Execution succeeds if all goals have succeeded. If one goal fails or throws an exception, other workers are abandoned as soon as possible and the entire computation fails or re-throws the exception. Note that if multiple goals fail or raise an error it is not defined which error or failure is reported.
On successful completion, variable bindings are returned. Note however that threads have independent stacks and therefore the goal is copied to the worker thread and the result is copied back to the caller of concurrent/3.
Choosing the right number of threads is not always obvious. Here are some scenarios:
- If the goals are CPU intensive and normally all succeeding, typically the number of CPUs is the optimal number of threads. Less does not use all CPUs, more wastes time in context switches and also uses more memory.
- If the tasks are I/O bound the number of threads is typically higher than the number of CPUs.
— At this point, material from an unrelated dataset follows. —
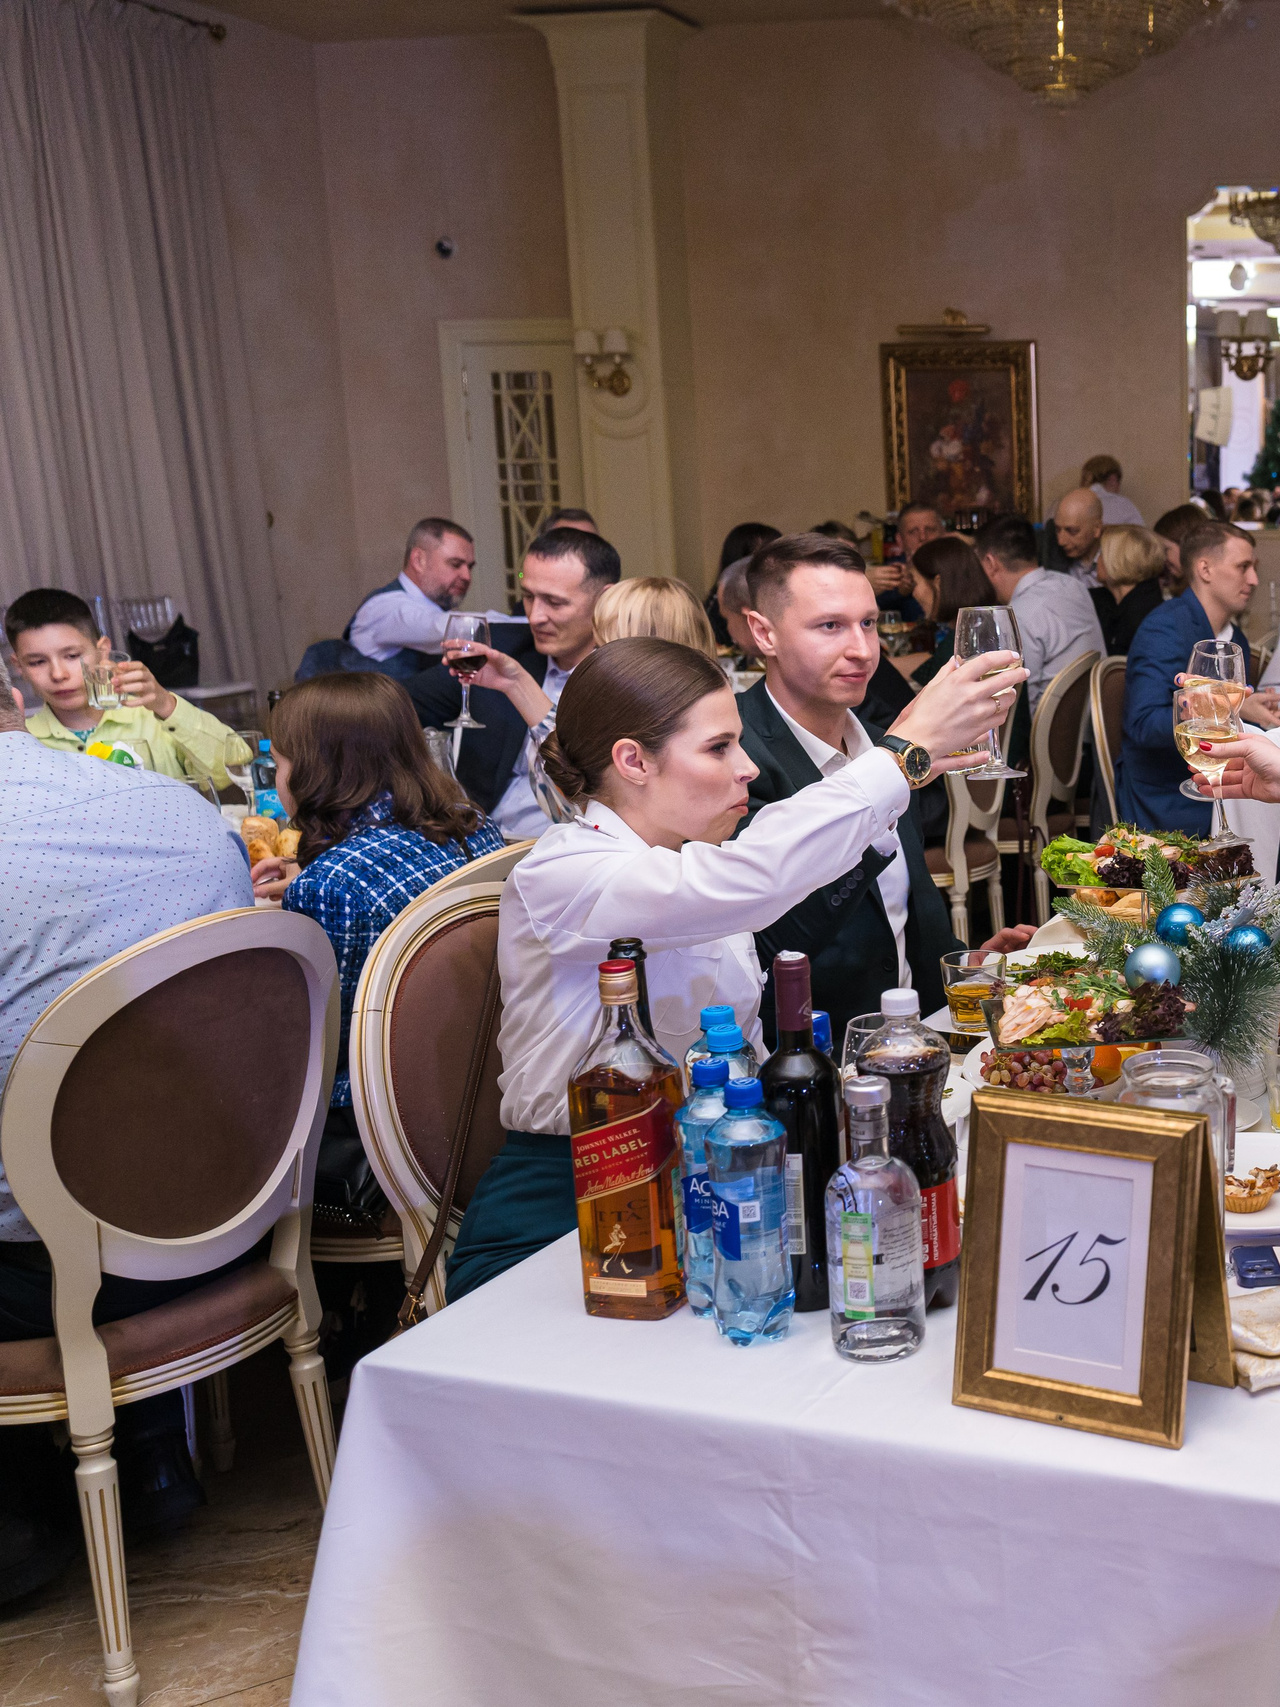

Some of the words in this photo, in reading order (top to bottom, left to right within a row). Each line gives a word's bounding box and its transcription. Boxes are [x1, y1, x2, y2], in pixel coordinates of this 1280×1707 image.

- If one or more of the goals may fail or produce an error, using a higher number of threads may find this earlier.
N | Number of worker-threads to create. Using 1, no threads are created. If N is larger than the number of Goals we create exactly as many threads as there are Goals. |
Goals | List of callable terms. |
Options | Passed to thread_create/3 for creating the workers. Only options changing the stack-sizes can be used. In particular, do not pass the detached or alias options. |
- See also
- In many cases, concurrent_maplist/2 and friends is easier to program and is tractable to program analysis.